Hearings resume on April 18. And judging by what we are seeing and hearing, matters will get progressively worse for the BCCI.

#2. Drought and the IPL: There is a story they tell about the showman PT Barnum, who was once approached by a performer. I will, said the performer, give you an act that has never been seen before, and will never be seen hence. You can book the biggest stadium in the world, sell out, and clean up. Great, said Barnum, what is the act? In full view of the audience, the performer replied, I will commit suicide. Very nice, said Barnum — “but what do you intend to do for an encore?”

I was reminded of that anecdote when the Bombay High Court, playing to the popular prejudices of the peanut gallery, moved the IPL out of Maharashtra starting April 1. Great, fine, we’ve shown them that there are things more important than cricket — but what are we going to do about the actual drought?

In a piece for HuffPost earlier this week, I had pointed out the sheer futility of this move. In the first place, this is not new.

Aide memoire: On March 10, 2015, the situation was already so bad that MLAs belonging to the BJP and the Shiv Sena were attacking the government run by the BJP and the Shiv Sena over its failure to tackle the drought. And precisely one month later, the Punjab and Rajasthan franchises were playing an IPL league game in Pune – the first of 14 games hosted by Maharashtra that year.

Also in 2015, 96 farmers committed suicide in Pune, out of a record 3,228 suicidesacross all of Maharashtra.

The argument is not that cricket is more important than the crippling drought that has spread across the country — it is simply this: That we tend to set inordinate store by such symbolic acts that really do nothing to address the problem, but leave us with the feeling that something is being done. In this context, I found it illuminating that the first comment on my Twitter timeline, in response to this post, was: “Of course, but it is the right symbolism to empathize with the drought stricken”.

Exactly. We are about symbols, not solutions. Unrest in our universities? Fly the national flag on the tallest pole there is. Unrest in civil society? Chant Bharat Mata Ki Jai. A parched land, a people dying like flies? Play the IPL someplace else.

The flag is good. May Bharat Mata always triumph. And move the IPL to Timbuctoo if it will make a difference. But will it?
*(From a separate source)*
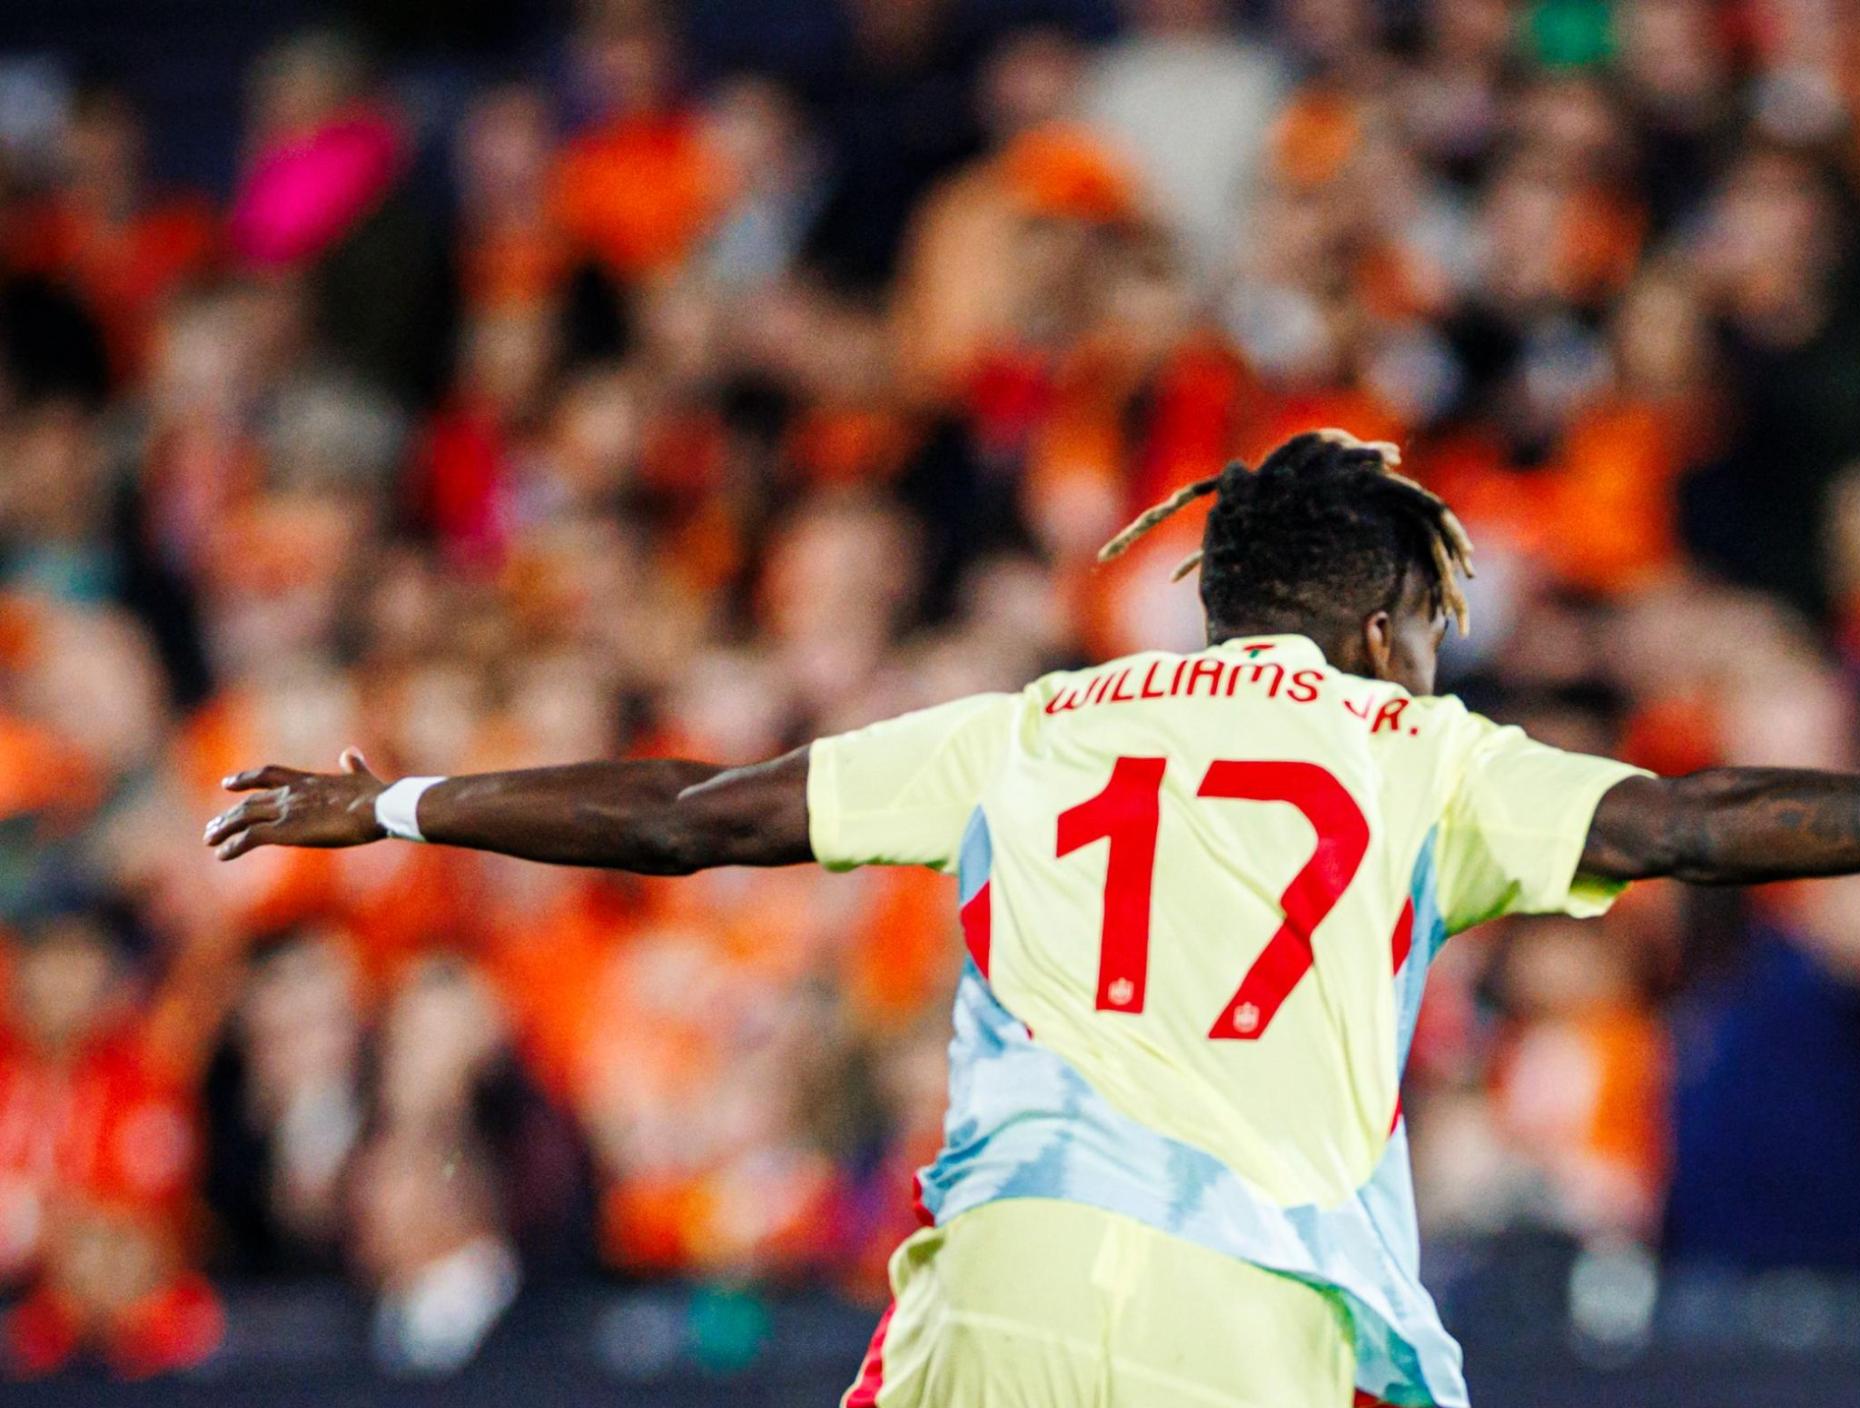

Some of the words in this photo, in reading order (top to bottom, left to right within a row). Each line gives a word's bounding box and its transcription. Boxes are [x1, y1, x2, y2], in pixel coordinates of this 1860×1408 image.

[1045, 657, 1325, 716] WILLIAMS
[1343, 692, 1419, 735] JR.
[1055, 756, 1370, 1040] 17
As for ’empathy’ for the drought-stricken — do you imagine the victims of drought are keenly following the fortunes of the IPL? That they set up a collective cheer when they heard the IPL was to be shifted out of their state? That they even give a fuck?
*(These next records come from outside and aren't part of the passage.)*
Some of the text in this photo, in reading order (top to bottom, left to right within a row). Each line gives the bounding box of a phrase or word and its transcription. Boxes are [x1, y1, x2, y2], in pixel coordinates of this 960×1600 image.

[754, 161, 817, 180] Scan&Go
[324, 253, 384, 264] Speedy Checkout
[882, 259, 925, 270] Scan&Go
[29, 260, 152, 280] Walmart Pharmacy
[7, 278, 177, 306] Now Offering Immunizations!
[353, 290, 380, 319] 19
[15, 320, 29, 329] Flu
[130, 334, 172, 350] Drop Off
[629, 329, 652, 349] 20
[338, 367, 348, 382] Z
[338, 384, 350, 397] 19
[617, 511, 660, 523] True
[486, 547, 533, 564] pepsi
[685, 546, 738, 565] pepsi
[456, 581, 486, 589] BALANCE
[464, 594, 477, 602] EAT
Rahul Dravid, bless him, put this in perspective.

“It’s a serious issue, and the fact that so many people are dying because of shortage of water is serious, but linking it to IPL will trivialise it,” Dravid told NDTV. “How can a drought be as important as cricket? If not having IPL will solve the problem, then we should stop playing cricket.”
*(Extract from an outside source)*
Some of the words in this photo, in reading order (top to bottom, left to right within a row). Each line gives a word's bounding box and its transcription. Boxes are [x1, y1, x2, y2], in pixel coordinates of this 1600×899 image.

The phrasing is in part unfortunate — where Dravid says “How can a drought be as important as cricket?” He clearly is not suggesting that cricket is more important, though that is how the sentence reads — his point is, how can you equate a problem as serious as drought, with the IPL?

This is where the irony meter breaks down: A news report this morning suggests that Bangalore is being mooted as the alternate venue for the final. Item: At last count, 136 talukas across Karnataka have been officially declared drought-hit, and the number is mounting. The state is currently experiencing the worst drought in over 40 years. So where is our ’empathy’?

One alternate venue being suggested is Kanpur, in Uttar Pradesh — where the Central government recently took the state government to task for not going flat out with drought relief measures. Another is Raipur, in Chattisgarh. A third is Vishakapattinam, in Andhra Pradesh. Ironic, since just this last week the Supreme Court was excoriating the Central and state governments for not taking the drought situation in those states, and nine others, with due seriousness.

Memo: Over 1/3rd of India is currently reeling under drought conditions. So we have moved the IPL out of Bombay and Pune — what do we propose to do for an encore?